*EXERCISE DATA*:

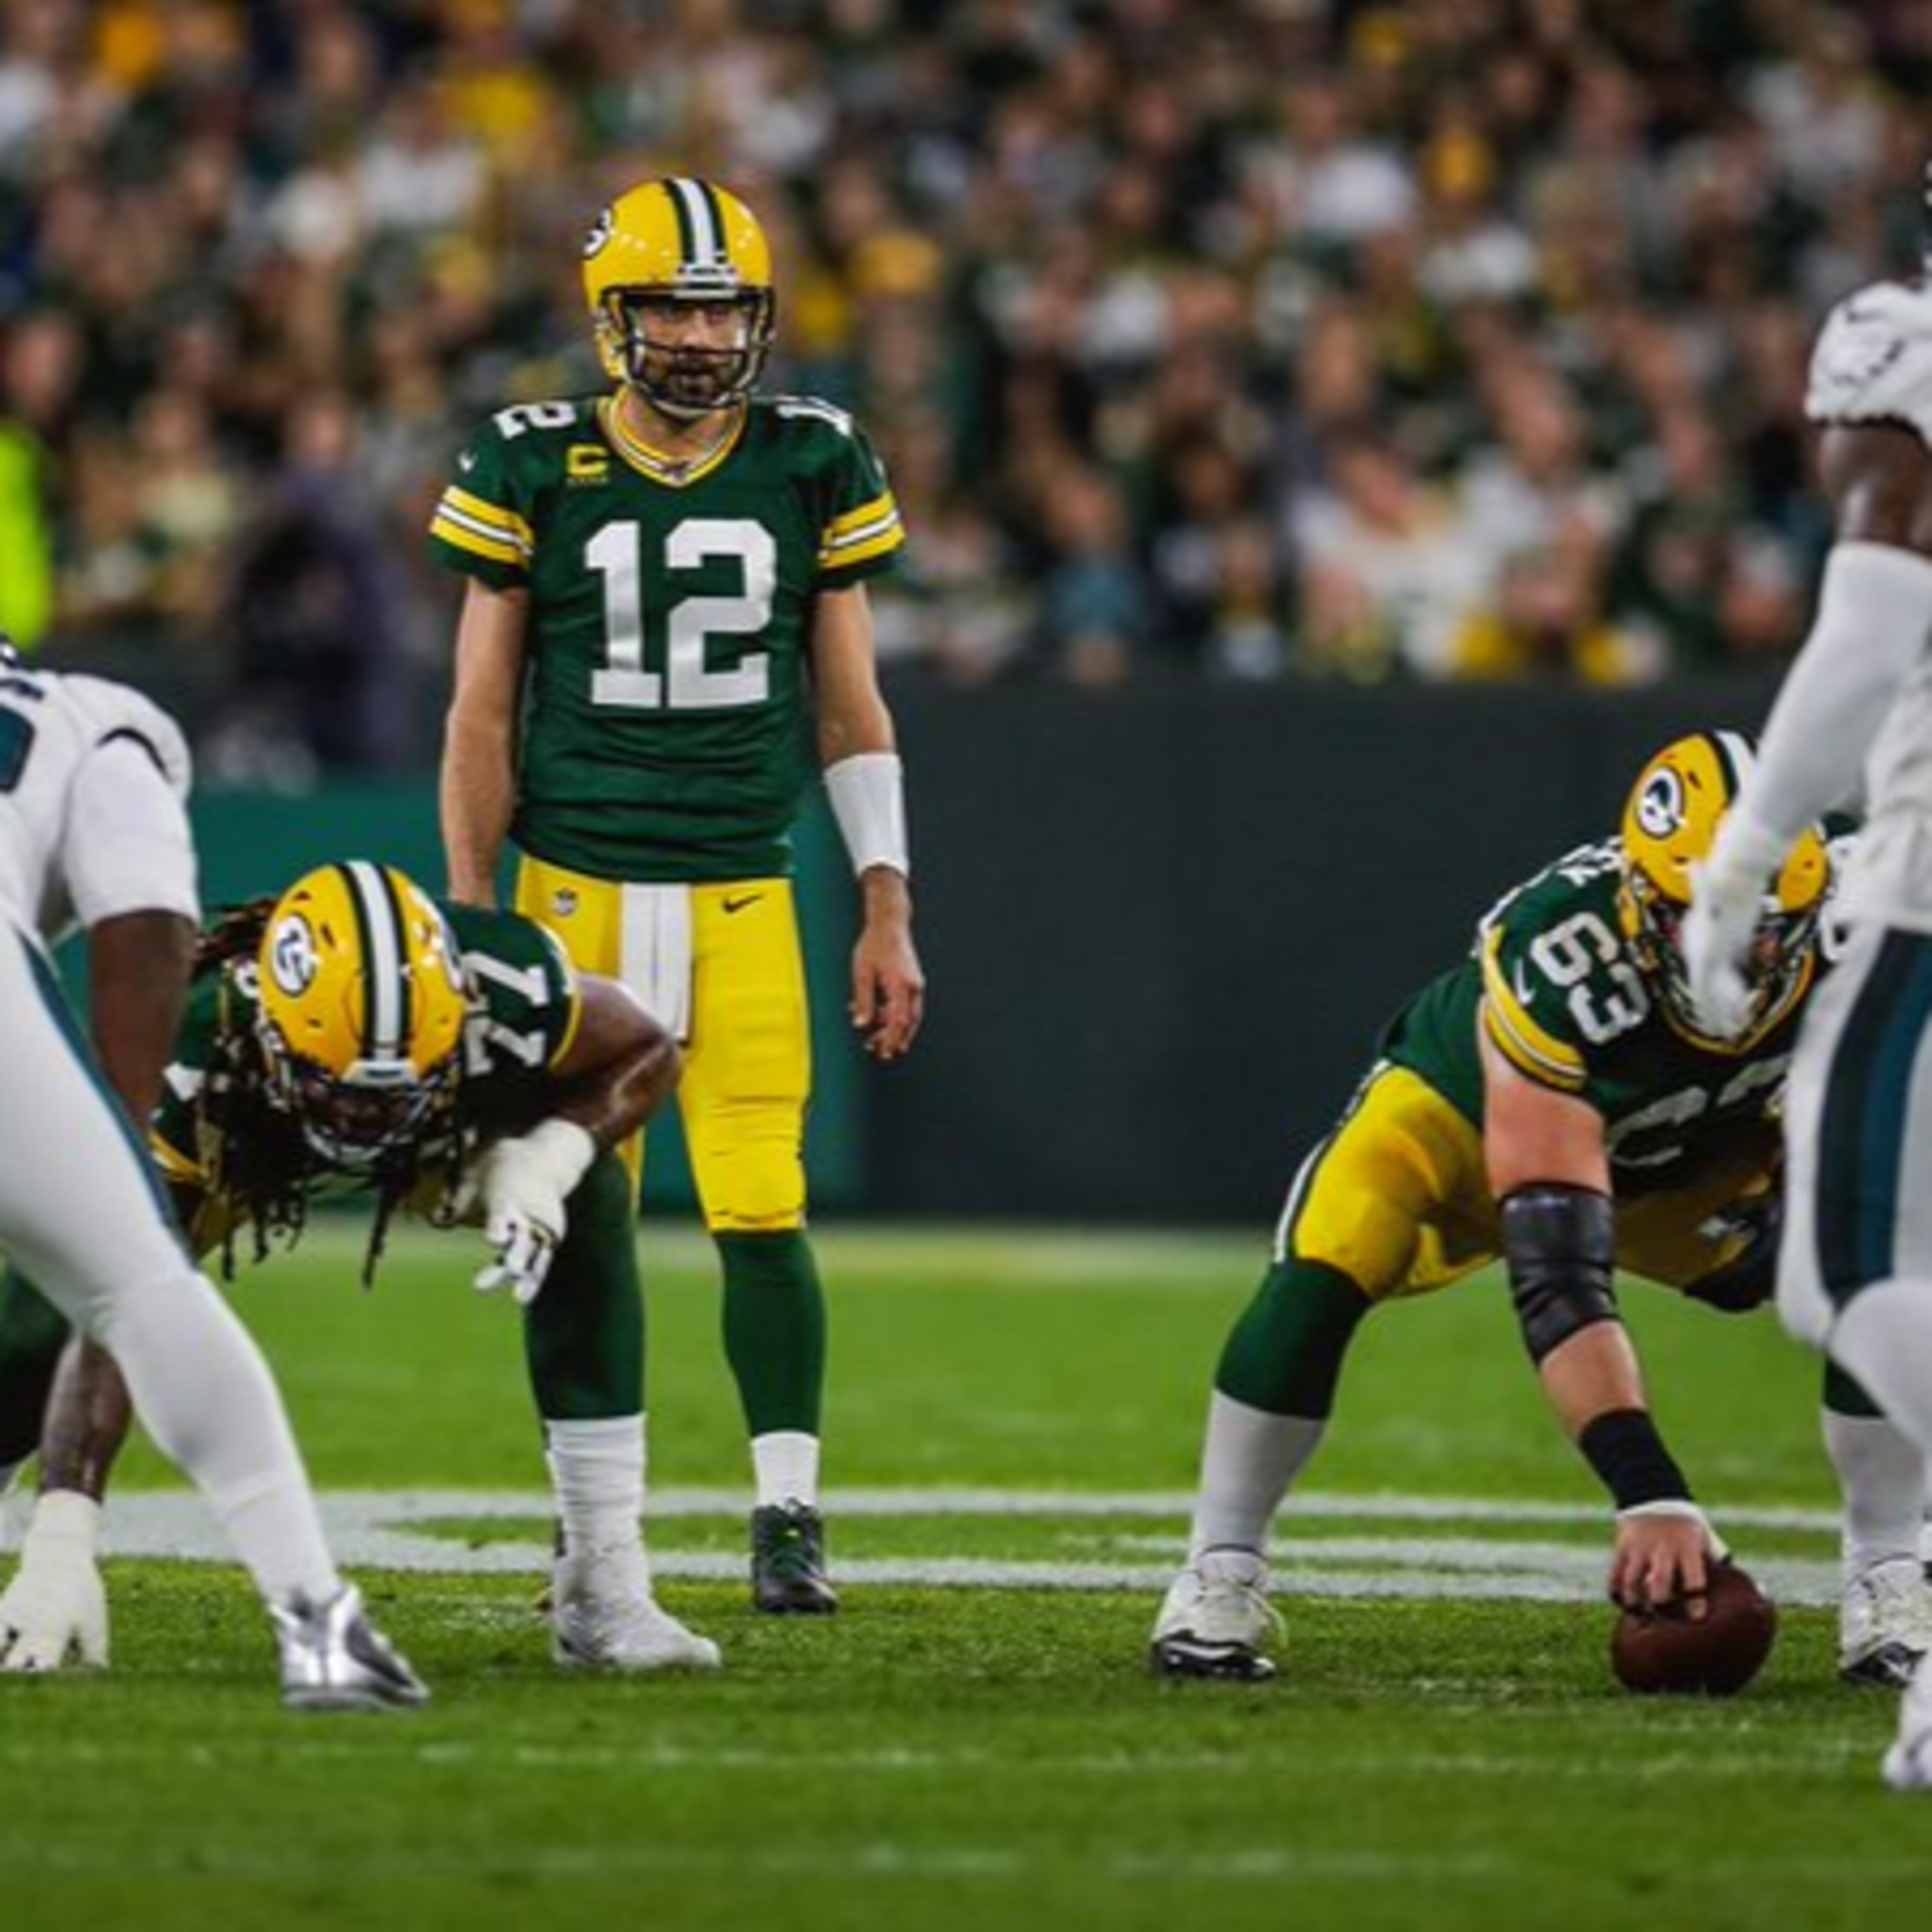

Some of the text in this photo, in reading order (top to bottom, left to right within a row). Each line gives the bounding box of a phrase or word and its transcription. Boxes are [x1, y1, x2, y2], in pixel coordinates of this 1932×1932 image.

[567, 444, 609, 477] C
[583, 518, 777, 709] 12
[460, 951, 549, 1077] 77
[1530, 911, 1649, 1045] 63

*DIRECTIONS FOR THIS TASK*: All of the data should come back exactly as written, but without pictures.

*YOUR SOLUTION*:
Some of the text in this photo, in reading order (top to bottom, left to right within a row). Each line gives the bounding box of a phrase or word and its transcription. Boxes are [x1, y1, x2, y2], in pixel coordinates of this 1932×1932 image.

[567, 444, 609, 477] C
[583, 518, 777, 709] 12
[460, 951, 549, 1077] 77
[1530, 911, 1649, 1045] 63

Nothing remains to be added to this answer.